• _Instructions to follow_:
The expected copy holds every entry exactly and none of the pictures.

Extracted data entries
-- Opening Marker --

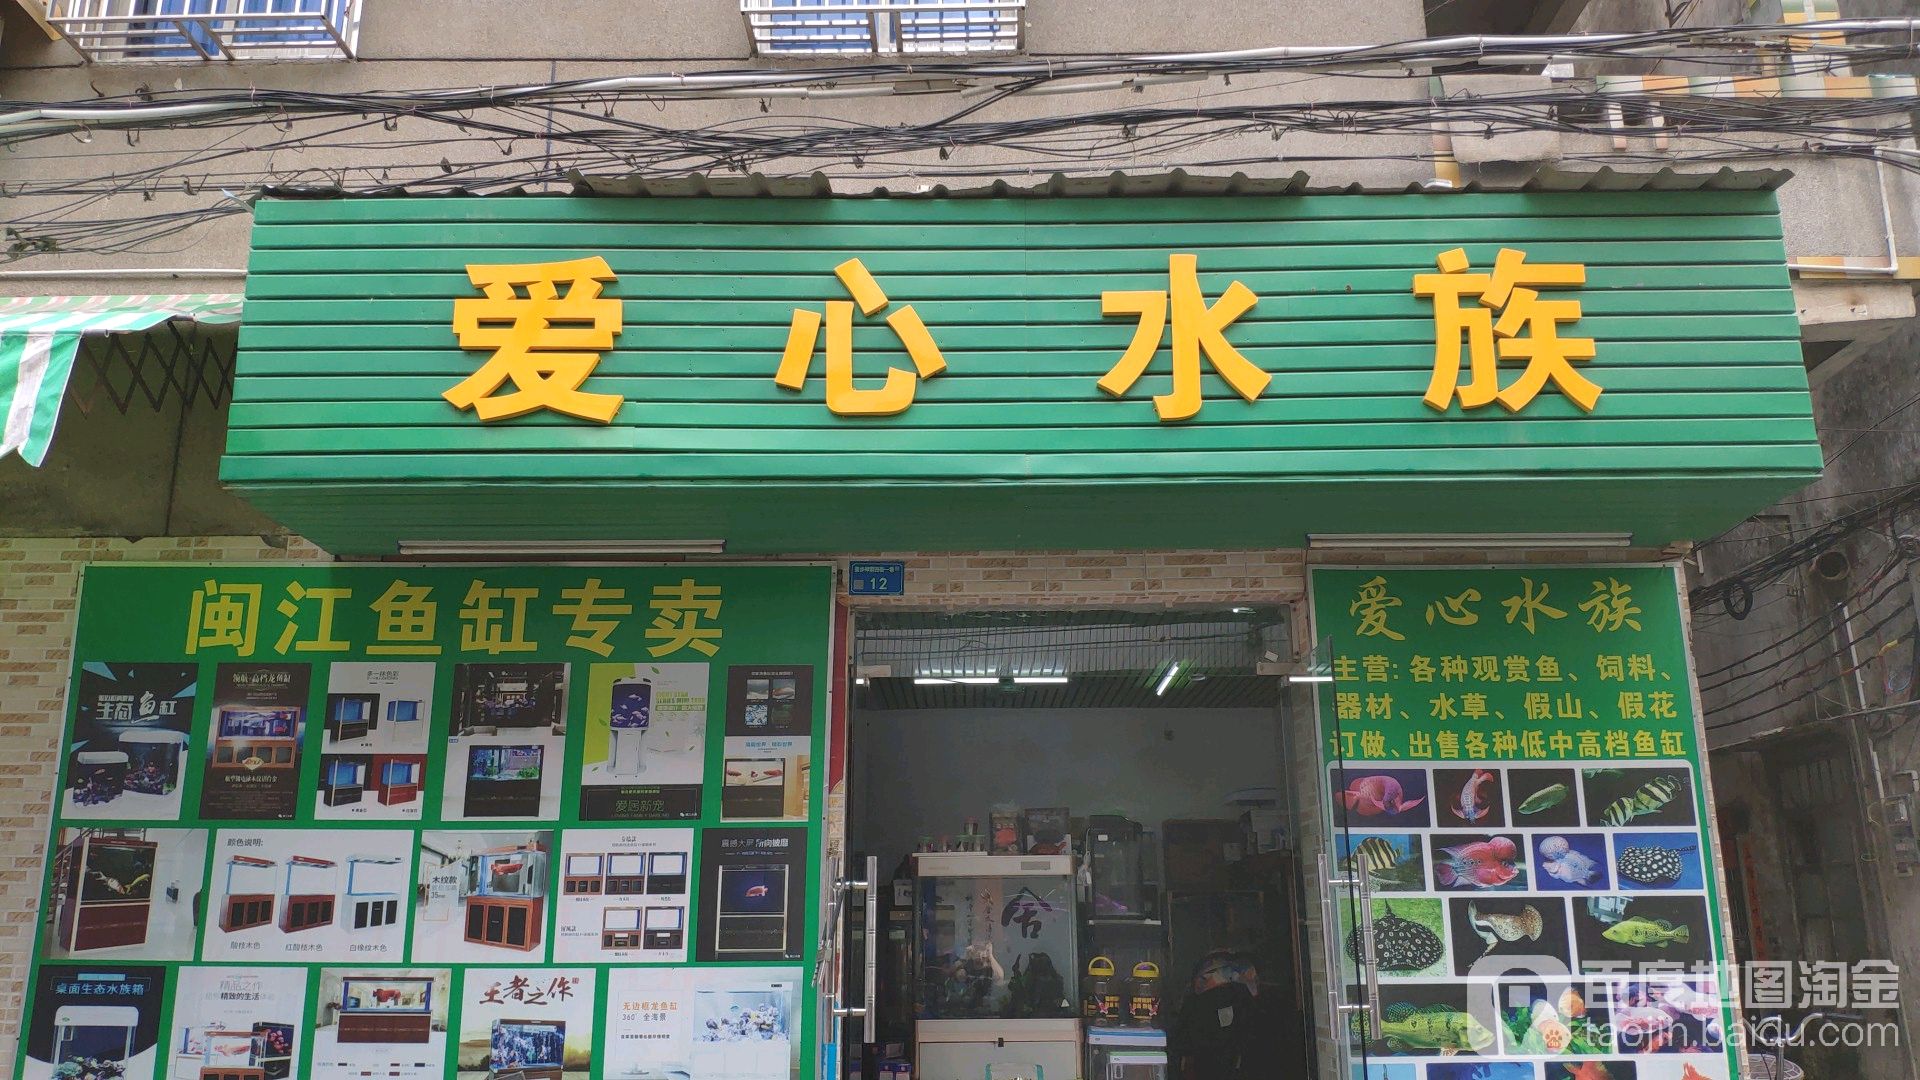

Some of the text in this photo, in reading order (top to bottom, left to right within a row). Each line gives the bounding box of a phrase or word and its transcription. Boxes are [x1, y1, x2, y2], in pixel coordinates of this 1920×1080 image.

[441, 247, 1605, 427] 爱心水族
[870, 577, 888, 590] 12
[184, 578, 724, 658] 闽江鱼缸专卖
[1349, 576, 1642, 641] 爱心水族
[1336, 691, 1678, 721] 器材、水草、假山、假花
[1330, 730, 1687, 759] 订做、出售各种低中高档鱼缸
[55, 982, 145, 996] 桌面生态水族箱
[479, 974, 574, 1005] 王者之作
[623, 1001, 677, 1011] 无边框龙鱼缸

-- Closing Marker --

• _Exercise response_:
Some of the text in this photo, in reading order (top to bottom, left to right within a row). Each line gives the bounding box of a phrase or word and its transcription. Boxes are [x1, y1, x2, y2], in pixel coordinates of this 1920×1080 image.

[441, 247, 1605, 427] 爱心水族
[870, 577, 888, 590] 12
[184, 578, 724, 658] 闽江鱼缸专卖
[1349, 576, 1642, 641] 爱心水族
[1336, 691, 1678, 721] 器材、水草、假山、假花
[1330, 730, 1687, 759] 订做、出售各种低中高档鱼缸
[55, 982, 145, 996] 桌面生态水族箱
[479, 974, 574, 1005] 王者之作
[623, 1001, 677, 1011] 无边框龙鱼缸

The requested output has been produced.